From Genoa to Milan, in less than an hour by train

From Genoa to Milan, in less than an hour by train

The high-speed rail connection may increase the importance of Genoa as a commercial port

On Wednesday, 9 February, Italian Prime Minister Mario Draghi paid a visit to the Genoa Node of the Terzo Valico dei Giovi – a high-speed railway pass that has been under construction since 2013. The project is at 77% of completion and once finalized (presumably in 2025) it will allow for travel time between the cities of Genoa and Milan to be reduced by 33%.
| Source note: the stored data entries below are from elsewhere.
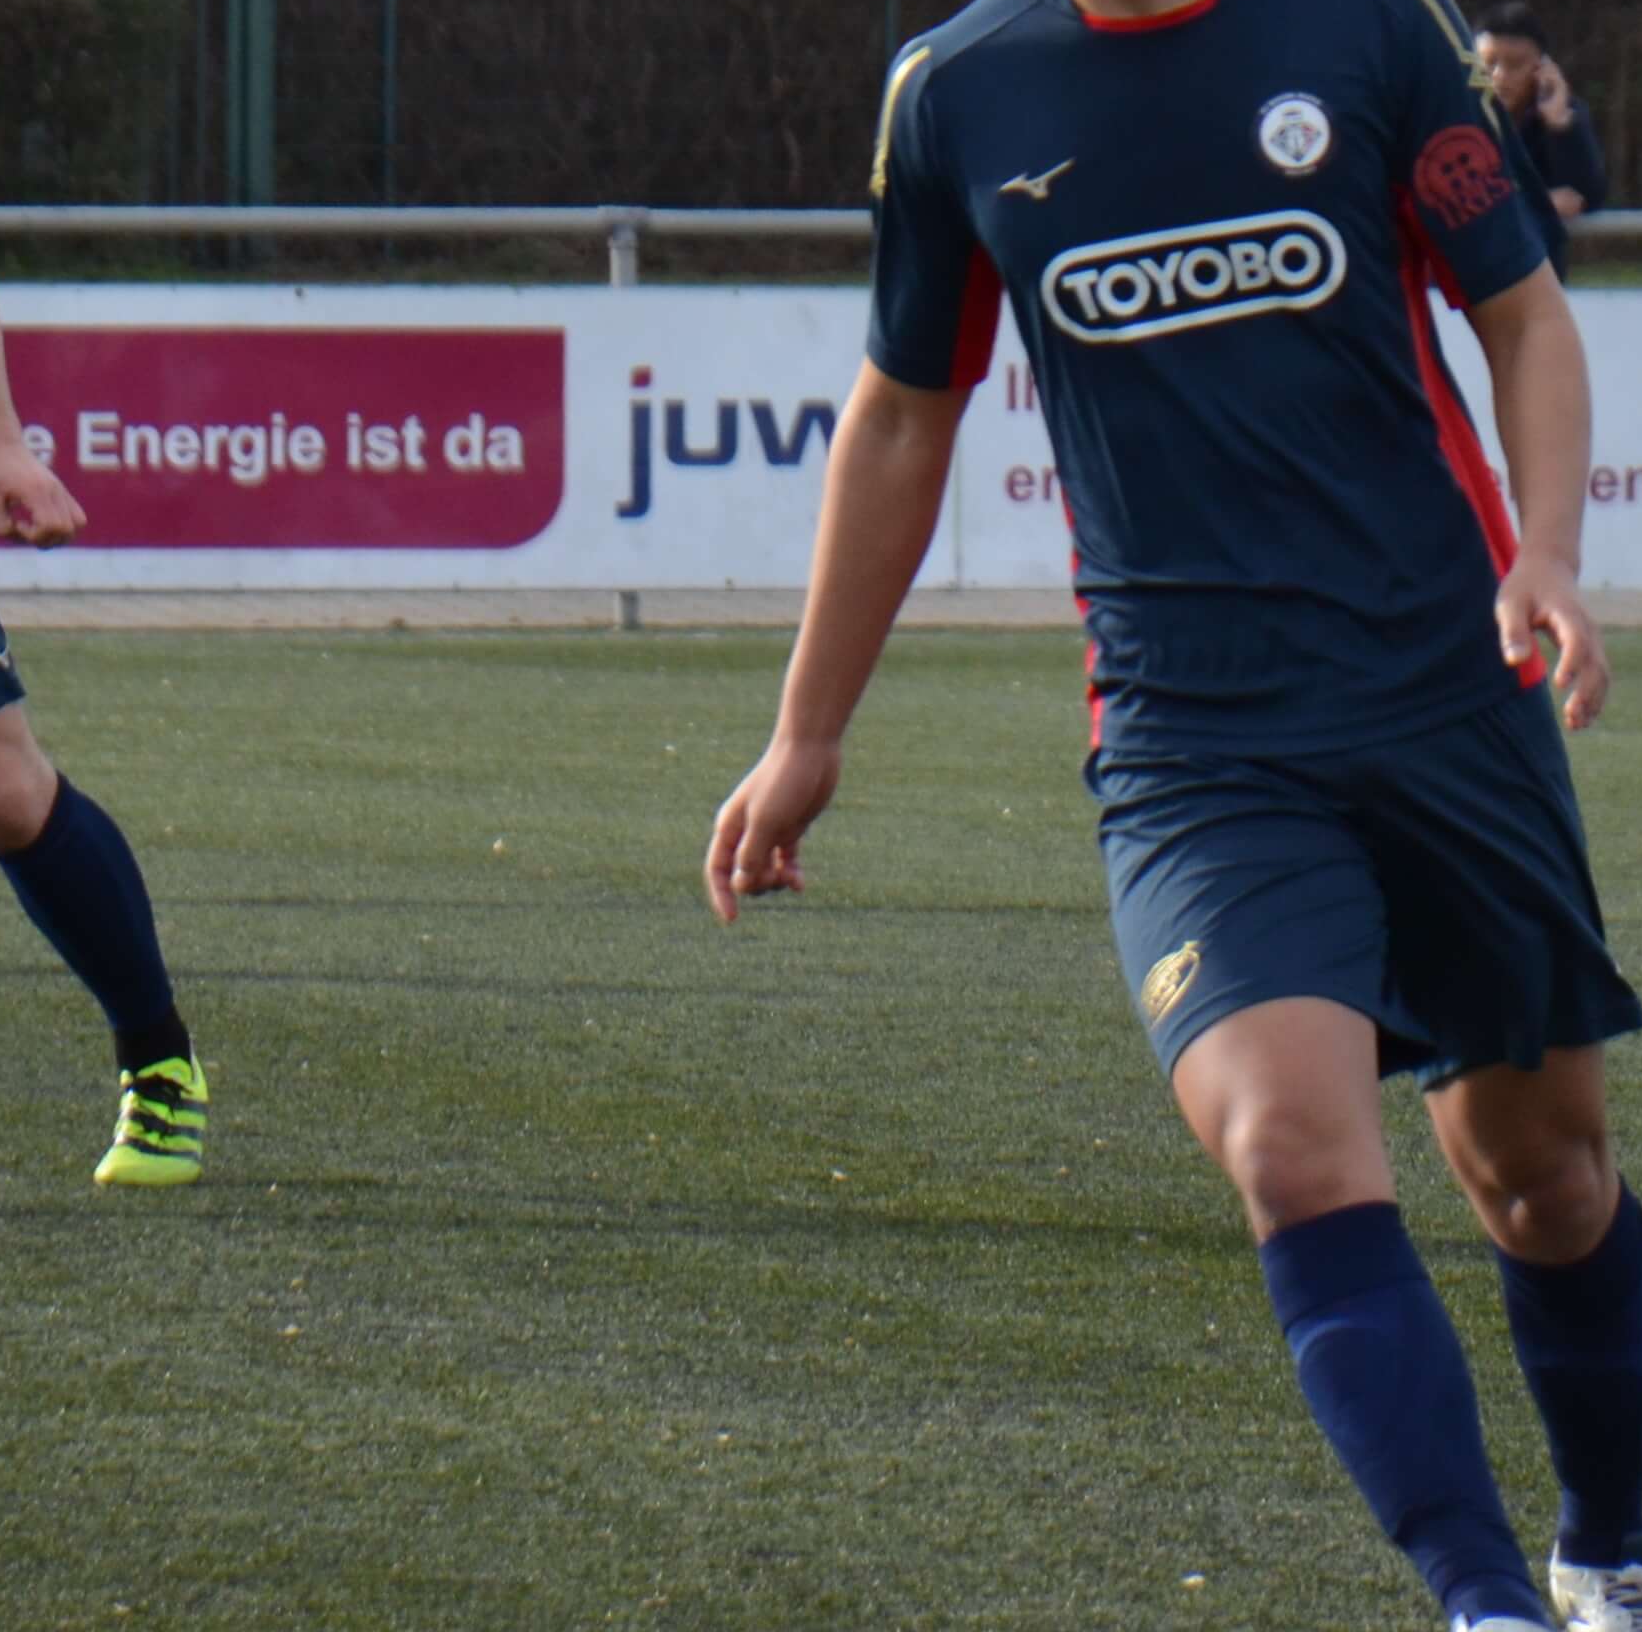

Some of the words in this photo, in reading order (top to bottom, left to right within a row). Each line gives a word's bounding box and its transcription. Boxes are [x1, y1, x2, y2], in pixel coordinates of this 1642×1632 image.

[1060, 232, 1322, 322] TOYOBO
[77, 412, 325, 486] Energie
[346, 412, 425, 468] ist
[444, 414, 524, 468] da
[615, 366, 839, 518] juw
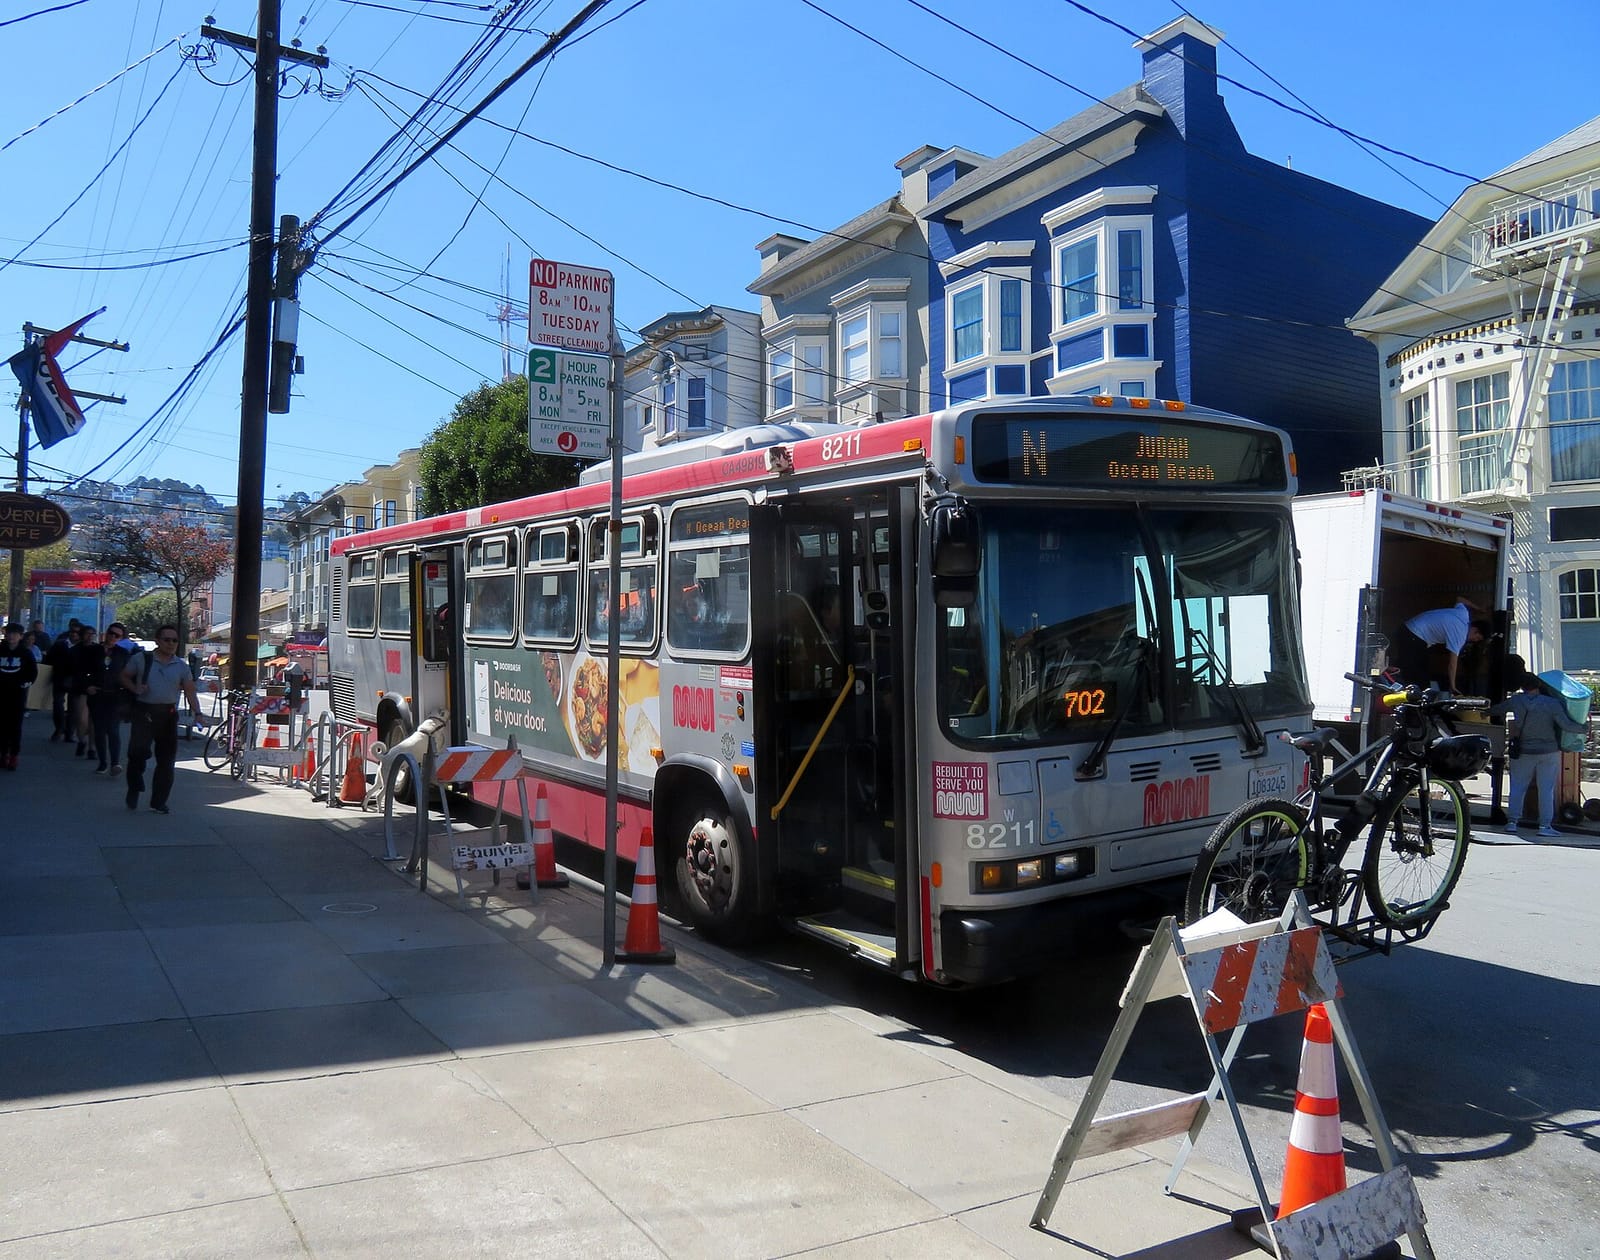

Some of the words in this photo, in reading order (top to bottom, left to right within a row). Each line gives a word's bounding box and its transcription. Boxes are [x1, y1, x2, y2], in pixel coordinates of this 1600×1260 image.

[533, 262, 555, 285] NO
[559, 271, 609, 294] PARKING
[542, 312, 600, 334] TUESDAY
[537, 333, 565, 345] STREET
[566, 337, 605, 350] CLEANING
[534, 356, 551, 378] 2
[567, 360, 598, 374] HOUR
[560, 373, 606, 389] PARKING
[539, 405, 560, 418] MON
[587, 410, 601, 422] FRI
[540, 422, 560, 430] EXCEPT
[562, 424, 587, 433] VEHICLES
[560, 434, 573, 450] J
[822, 432, 862, 462] 8211
[1022, 429, 1047, 477] N
[1135, 435, 1189, 459] JUDAH
[1107, 460, 1160, 481] Ocean
[1166, 463, 1215, 481] Beach
[695, 521, 725, 533] Ocean
[493, 679, 532, 705] Delicious
[1063, 688, 1106, 718] 702
[494, 706, 503, 723] at
[503, 710, 522, 729] your
[523, 709, 547, 733] door.
[935, 765, 969, 778] REBUILT
[971, 766, 984, 778] TO
[935, 778, 962, 791] SERVE
[965, 779, 984, 791] YOU
[1251, 775, 1286, 796] 1083245
[1003, 808, 1015, 823] W
[966, 819, 1034, 849] 8211
In other words, it will be possible to reach one of these cities in as little as 50 minutes by mostly going under the mountainous and complex terrain that characterizes Liguria and Piedmont.

Central to TEN-T connectivity

The project represents an important link of the Trans-European Transport Networks (TEN-T). More specifically, it is meant to form a part of the Rhine-Alpine corridor linking Northern and Southern Europe through a large system of tunnels.

The railway between the two major Italian cities will be 53 kilometres long, of which 36 kilometres will be tunnels (or 70% of the total).

Once completed, it will increase Italy's competitiveness, giving it greater centrality in trans-European connections. This will allow the integration of the Genoa network and its port in a way that makes it increasingly functional as an international hub, thanks to interconnections towards Turin, Milan and the rest of Europe.

Webuild, the company that has been contracted to do the excavating works (which are reportedly going at a non-stop, 24-7 rate) indicated that the construction process has been thought out according to all the latest standards of sustainability.

This ranges in details from construction sites integrated with the environment, to systems for the reuse of excavated materials, to the protection of water sources. 

What’s more, apart from savings in travel time, the high-speed rail will also bring about a 29% reduction in energy consumption and a 55% reduction in CO2 emissions.